(Dataset items)
<<<<

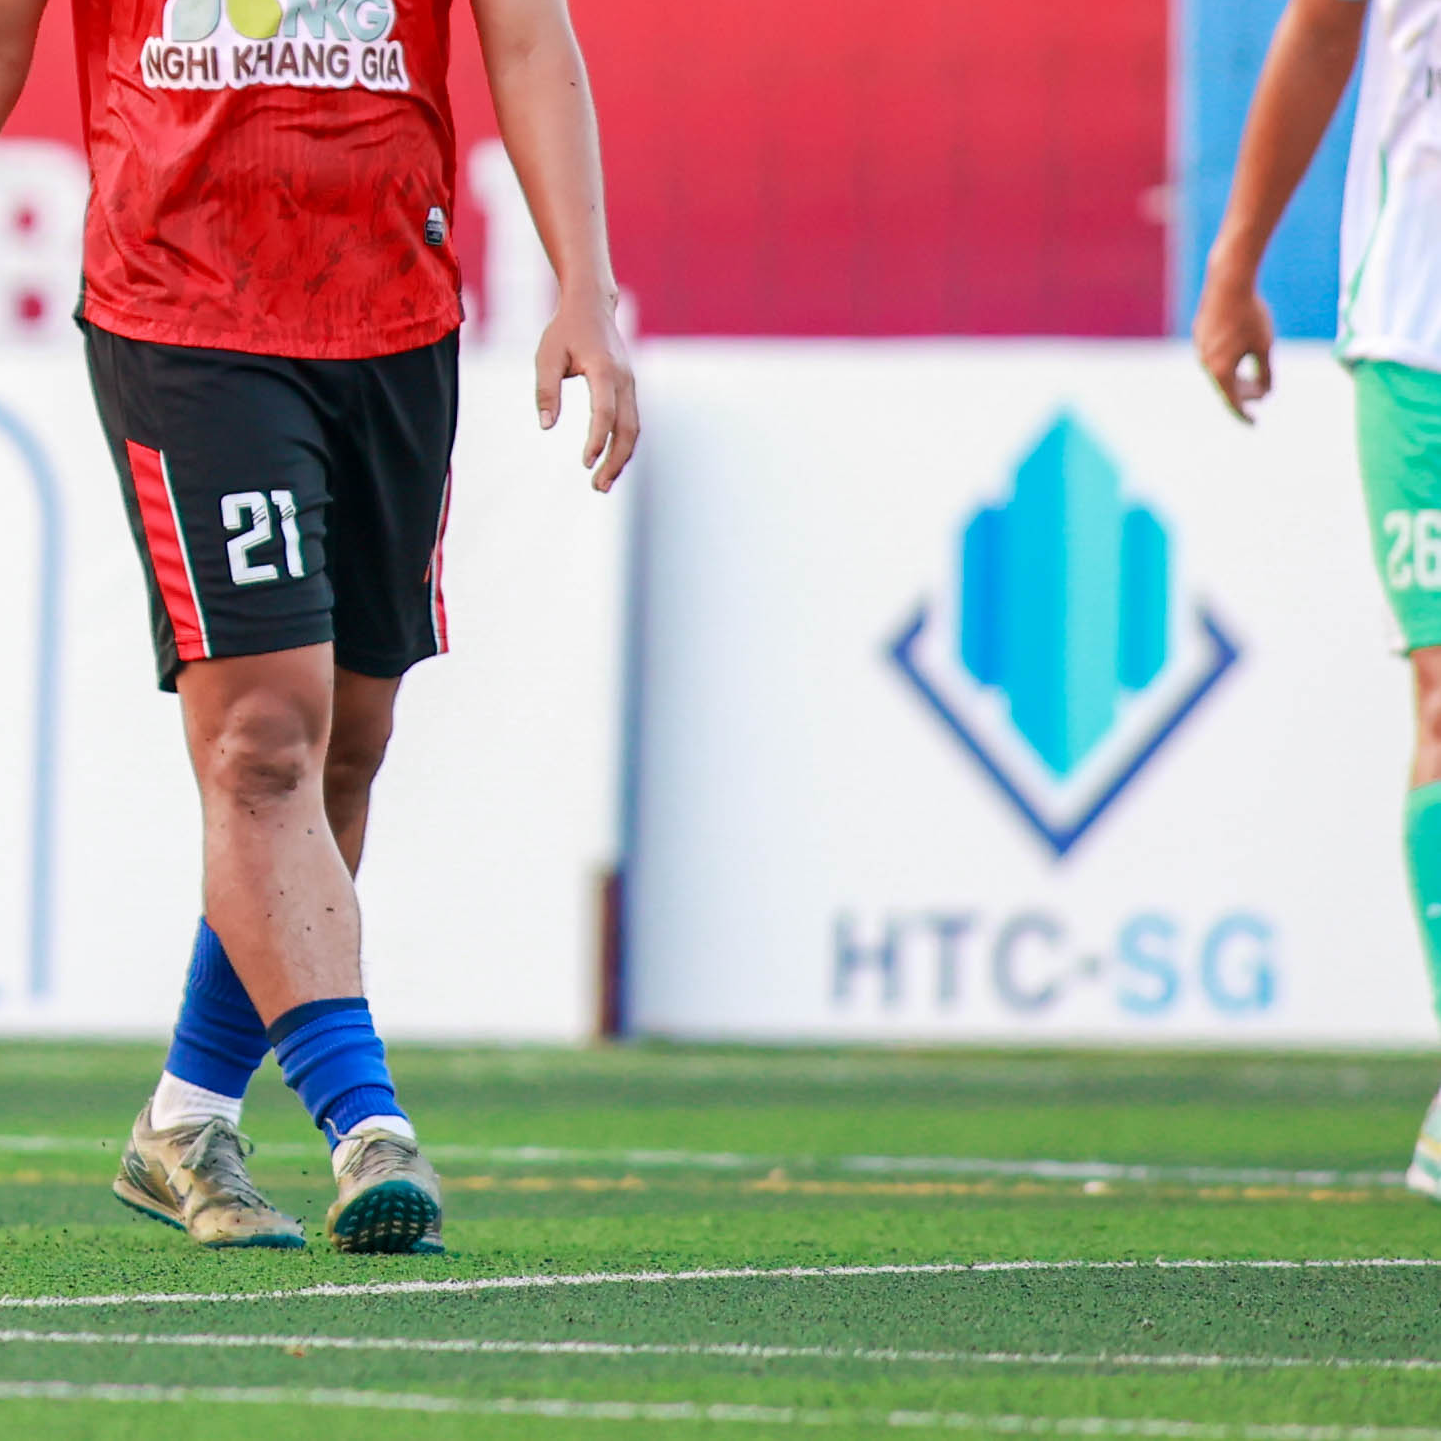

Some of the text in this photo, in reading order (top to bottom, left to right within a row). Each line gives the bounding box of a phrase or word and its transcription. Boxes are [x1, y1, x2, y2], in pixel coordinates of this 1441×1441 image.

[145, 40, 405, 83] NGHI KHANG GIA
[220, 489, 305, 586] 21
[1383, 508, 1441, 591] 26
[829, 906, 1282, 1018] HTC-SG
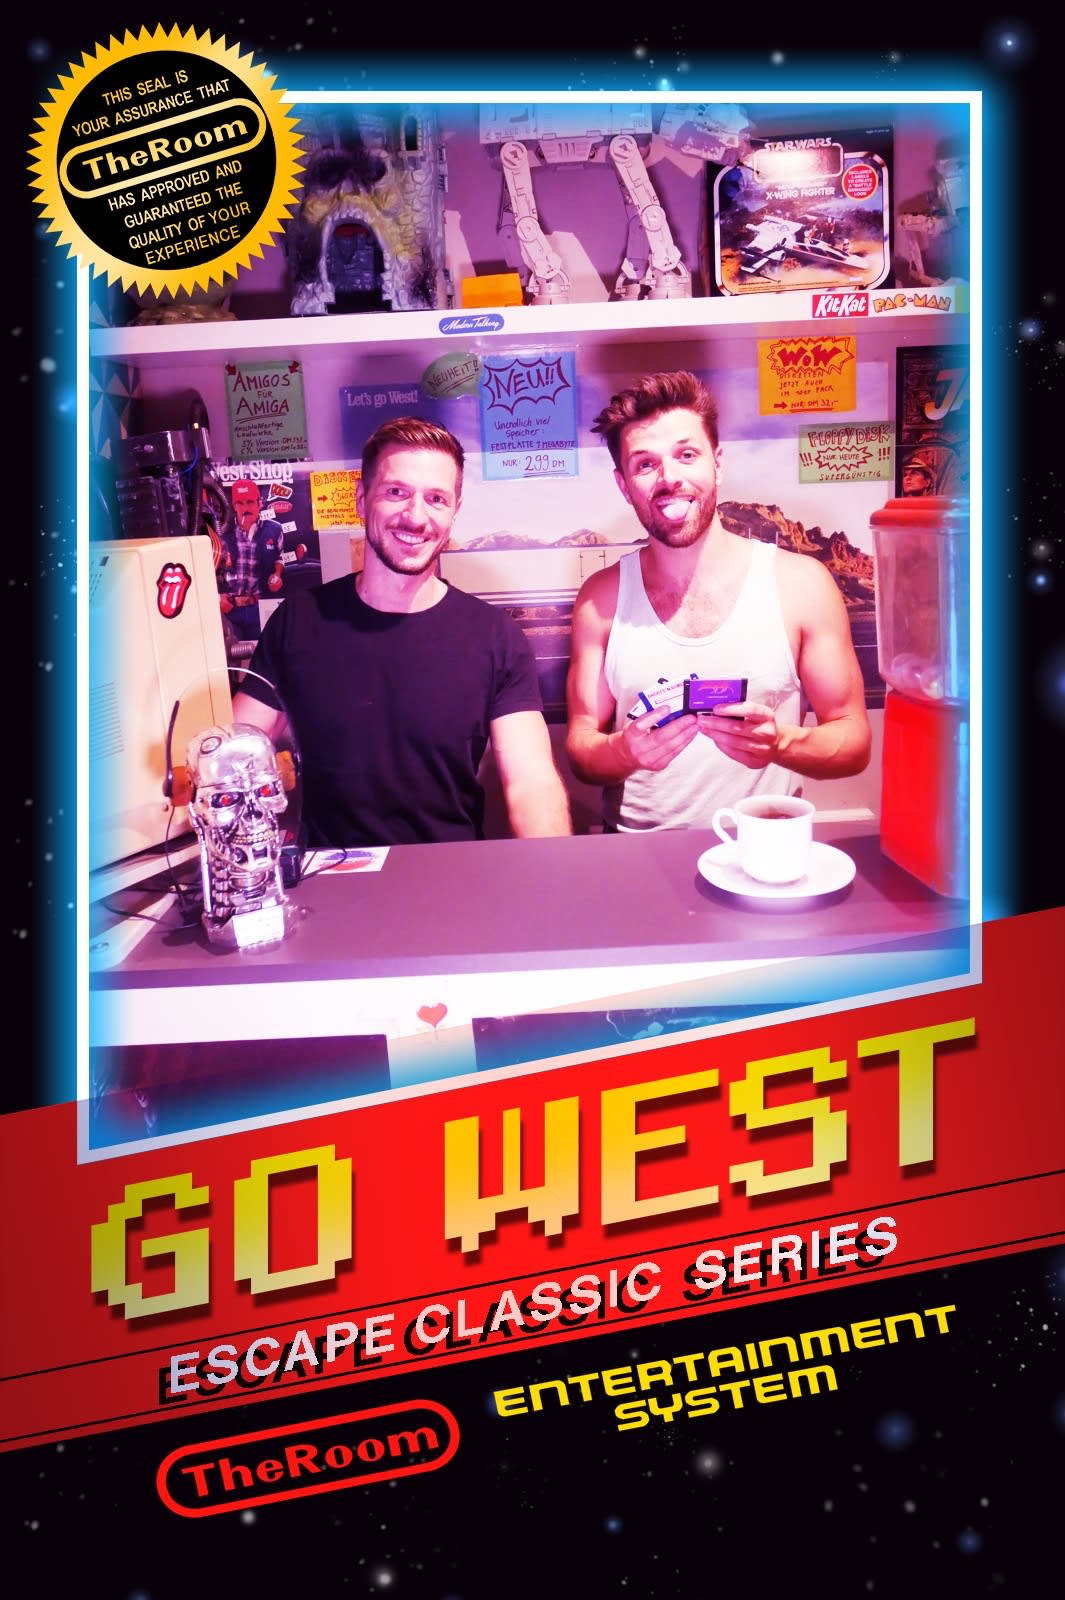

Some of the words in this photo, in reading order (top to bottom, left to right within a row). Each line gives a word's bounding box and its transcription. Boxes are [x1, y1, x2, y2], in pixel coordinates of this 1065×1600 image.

>>>>

### About this exercise
A faithful copy of each entry is required, and no picture may be carried into it.

### Your solution
Some of the text in this photo, in reading order (top to bottom, left to right within a row). Each line gives the bounding box of a phrase or word and its transcription. Boxes are [x1, y1, x2, y2], in pixel coordinates of this 1441×1441 image.

[145, 40, 405, 83] NGHI KHANG GIA
[220, 489, 305, 586] 21
[1383, 508, 1441, 591] 26
[829, 906, 1282, 1018] HTC-SG

Some of the words in this photo, in reading order (top to bottom, left to right within a row). Each line gives a word's bounding box and its transcription. Boxes are [x1, y1, x2, y2], in pixel coordinates of this 1065×1600 image.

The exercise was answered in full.